** What you need to do **
Apart from the pictures, every part of the records below gets retyped exactly.

** The data **
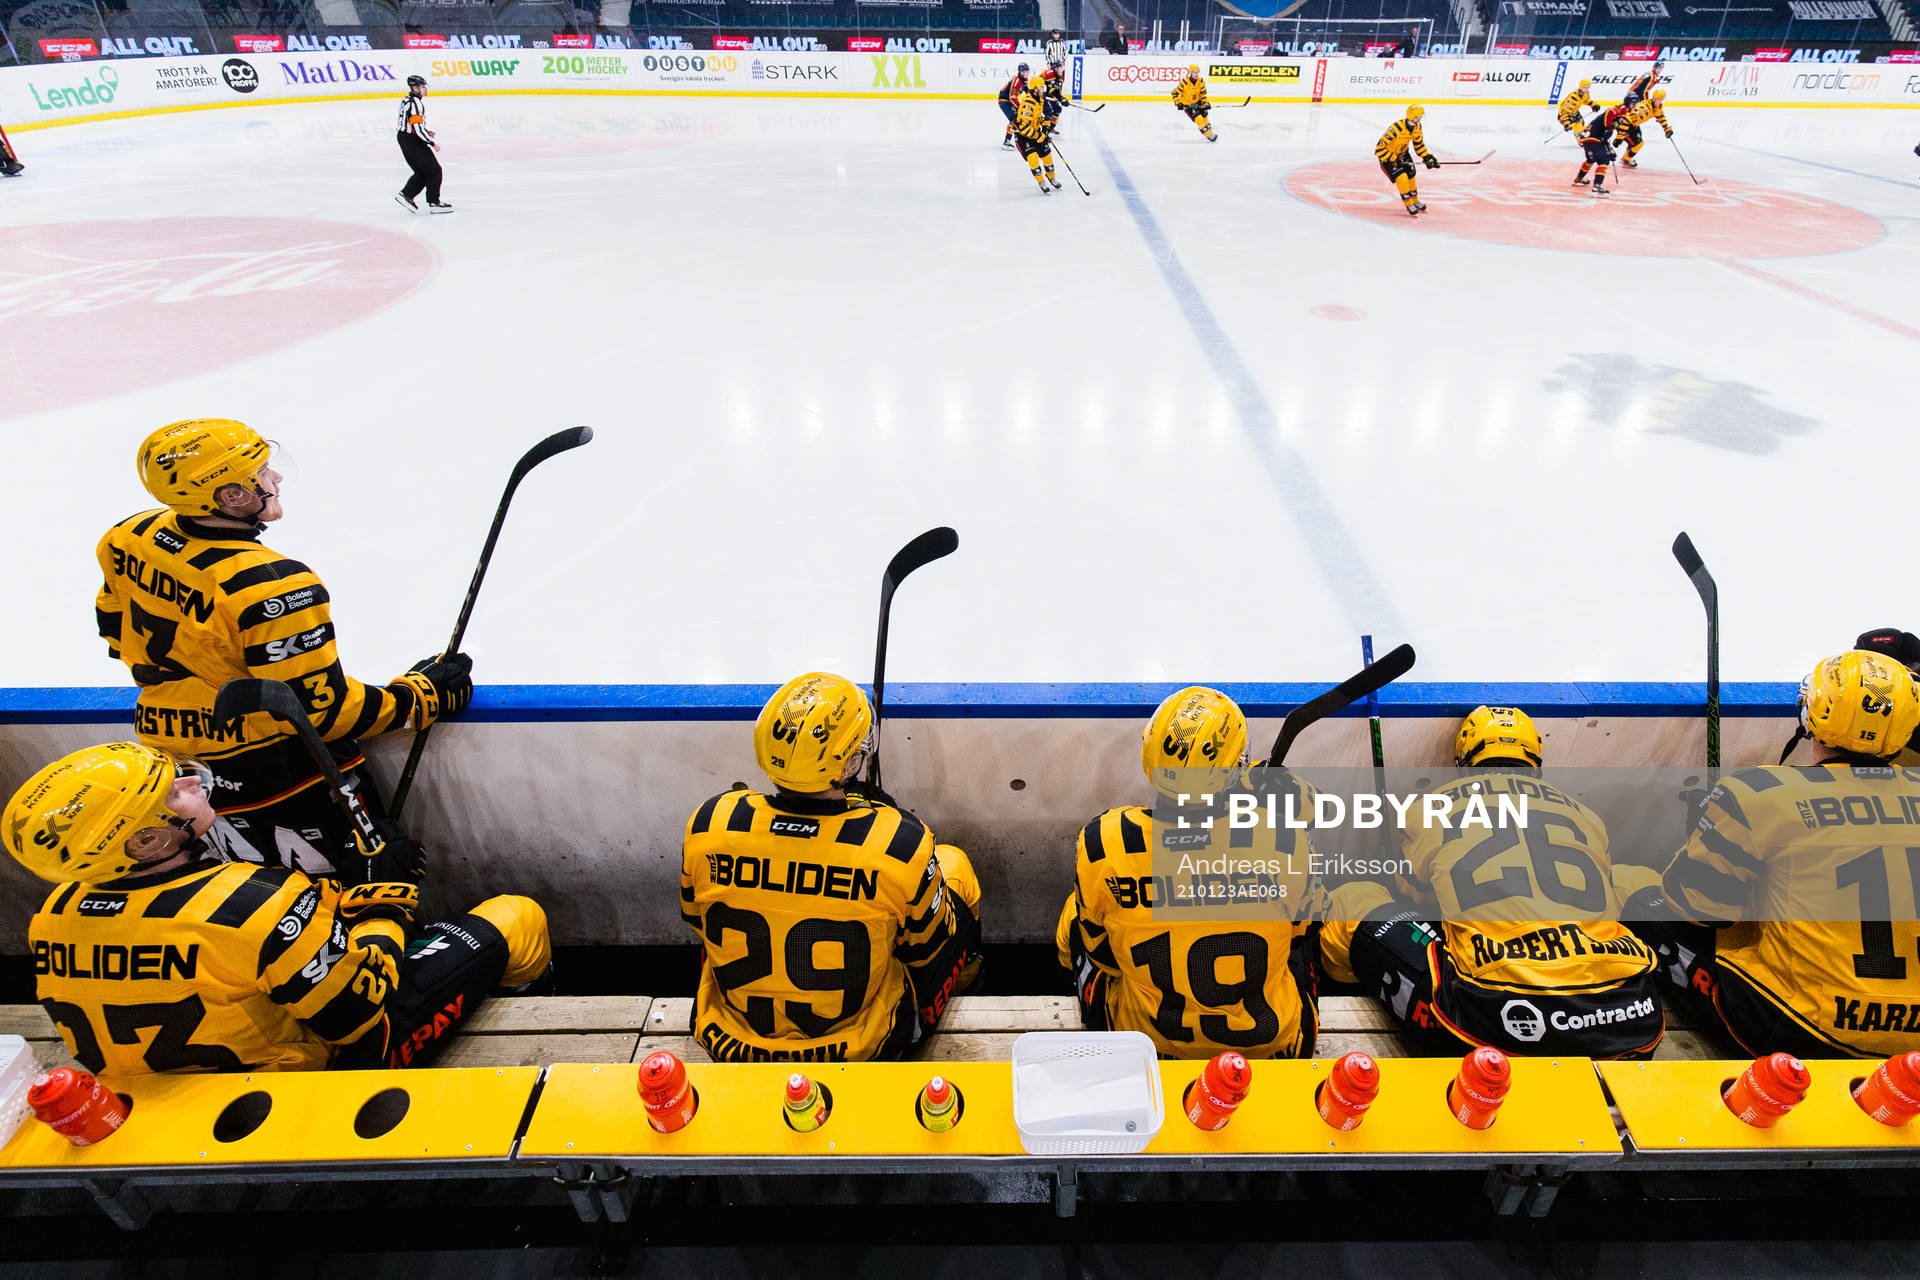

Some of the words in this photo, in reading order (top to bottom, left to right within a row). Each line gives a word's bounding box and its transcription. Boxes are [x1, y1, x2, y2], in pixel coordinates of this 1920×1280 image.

[101, 37, 146, 55] ALL
[287, 34, 326, 51] ALL
[449, 34, 483, 49] ALL
[752, 36, 783, 51] ALL
[851, 41, 882, 49] CCM
[885, 37, 915, 52] ALL
[982, 42, 1012, 50] CCM
[1015, 39, 1044, 54] ALL
[1529, 45, 1557, 59] ALL
[1657, 47, 1689, 60] ALL
[1789, 48, 1819, 62] ALL
[432, 59, 521, 77] SUBWAY
[542, 56, 584, 74] 200
[586, 56, 622, 66] METER
[156, 66, 192, 78] TRÖTT
[193, 64, 209, 76] PÅ
[587, 65, 628, 75] HOCKEY
[766, 65, 838, 80] STARK
[872, 54, 927, 88] XXL
[1210, 66, 1298, 76] HYRPOOLEN
[1481, 72, 1503, 82] ALL
[1505, 72, 1531, 82] OUT.
[155, 77, 218, 90] AMATÖRER?
[231, 79, 258, 88] PROFFS
[1350, 75, 1424, 84] BERGTORNET
[29, 77, 114, 111] Lendo
[1739, 86, 1759, 97] AB
[200, 466, 229, 484] CCM
[155, 531, 184, 549] CCM
[109, 542, 215, 624] BOLIDEN
[285, 590, 313, 603] Boliden
[287, 597, 314, 610] Electro
[304, 637, 322, 649] Kraft
[303, 672, 335, 710] 3
[1859, 729, 1877, 741] 15
[770, 756, 786, 769] 29
[1163, 768, 1177, 781] 19
[1854, 766, 1895, 782] CCM
[1794, 799, 1818, 830] NEW
[96, 818, 126, 852] CCM
[771, 820, 818, 835] CCM
[1163, 831, 1209, 847] CCM
[1442, 805, 1607, 914] 26
[715, 853, 879, 901] BOLIDEN
[1118, 872, 1280, 909] BOLIDEN
[79, 898, 126, 913] CCM
[1471, 921, 1653, 971] ROBERTSSON
[33, 940, 199, 981] BOLIDEN
[705, 902, 871, 1039] 29
[1131, 931, 1280, 1047] 19
[1550, 994, 1656, 1034] Contractor
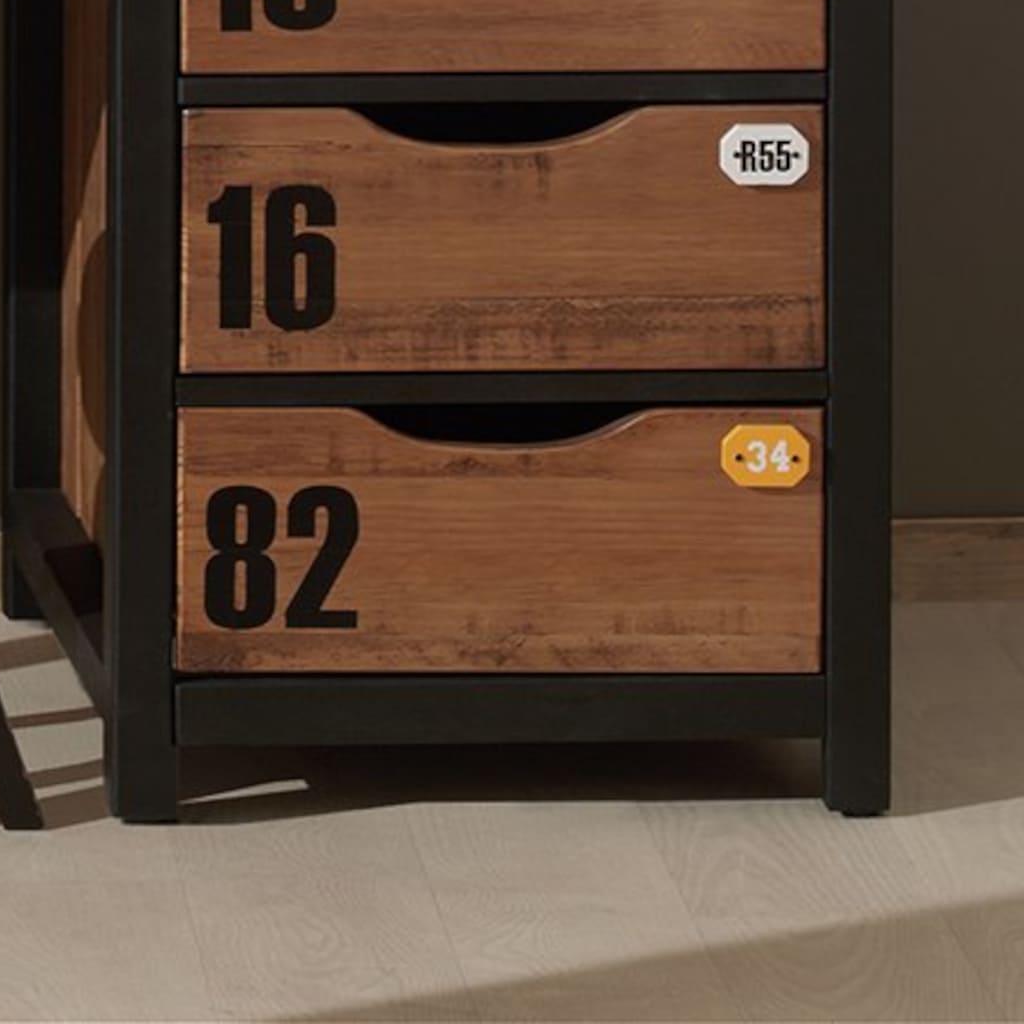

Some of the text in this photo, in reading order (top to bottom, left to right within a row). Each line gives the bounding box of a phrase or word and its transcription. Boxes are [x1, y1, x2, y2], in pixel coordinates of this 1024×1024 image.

** Exercise response **
Some of the words in this photo, in reading order (top to bottom, left to right within a row). Each line gives a word's bounding box and its transcription. Boxes are [x1, y1, x2, y2], in pixel coordinates of this 1920×1280 image.

[101, 37, 146, 55] ALL
[287, 34, 326, 51] ALL
[449, 34, 483, 49] ALL
[752, 36, 783, 51] ALL
[851, 41, 882, 49] CCM
[885, 37, 915, 52] ALL
[982, 42, 1012, 50] CCM
[1015, 39, 1044, 54] ALL
[1529, 45, 1557, 59] ALL
[1657, 47, 1689, 60] ALL
[1789, 48, 1819, 62] ALL
[432, 59, 521, 77] SUBWAY
[542, 56, 584, 74] 200
[586, 56, 622, 66] METER
[156, 66, 192, 78] TRÖTT
[193, 64, 209, 76] PÅ
[587, 65, 628, 75] HOCKEY
[766, 65, 838, 80] STARK
[872, 54, 927, 88] XXL
[1210, 66, 1298, 76] HYRPOOLEN
[1481, 72, 1503, 82] ALL
[1505, 72, 1531, 82] OUT.
[155, 77, 218, 90] AMATÖRER?
[231, 79, 258, 88] PROFFS
[1350, 75, 1424, 84] BERGTORNET
[29, 77, 114, 111] Lendo
[1739, 86, 1759, 97] AB
[200, 466, 229, 484] CCM
[155, 531, 184, 549] CCM
[109, 542, 215, 624] BOLIDEN
[285, 590, 313, 603] Boliden
[287, 597, 314, 610] Electro
[304, 637, 322, 649] Kraft
[303, 672, 335, 710] 3
[1859, 729, 1877, 741] 15
[770, 756, 786, 769] 29
[1163, 768, 1177, 781] 19
[1854, 766, 1895, 782] CCM
[1794, 799, 1818, 830] NEW
[96, 818, 126, 852] CCM
[771, 820, 818, 835] CCM
[1163, 831, 1209, 847] CCM
[1442, 805, 1607, 914] 26
[715, 853, 879, 901] BOLIDEN
[1118, 872, 1280, 909] BOLIDEN
[79, 898, 126, 913] CCM
[1471, 921, 1653, 971] ROBERTSSON
[33, 940, 199, 981] BOLIDEN
[705, 902, 871, 1039] 29
[1131, 931, 1280, 1047] 19
[1550, 994, 1656, 1034] Contractor

Some of the text in this photo, in reading order (top to bottom, left to right within a row). Each line gives the bounding box of a phrase or word and its transcription. Boxes are [x1, y1, x2, y2], in pixel coordinates of this 1024×1024 image.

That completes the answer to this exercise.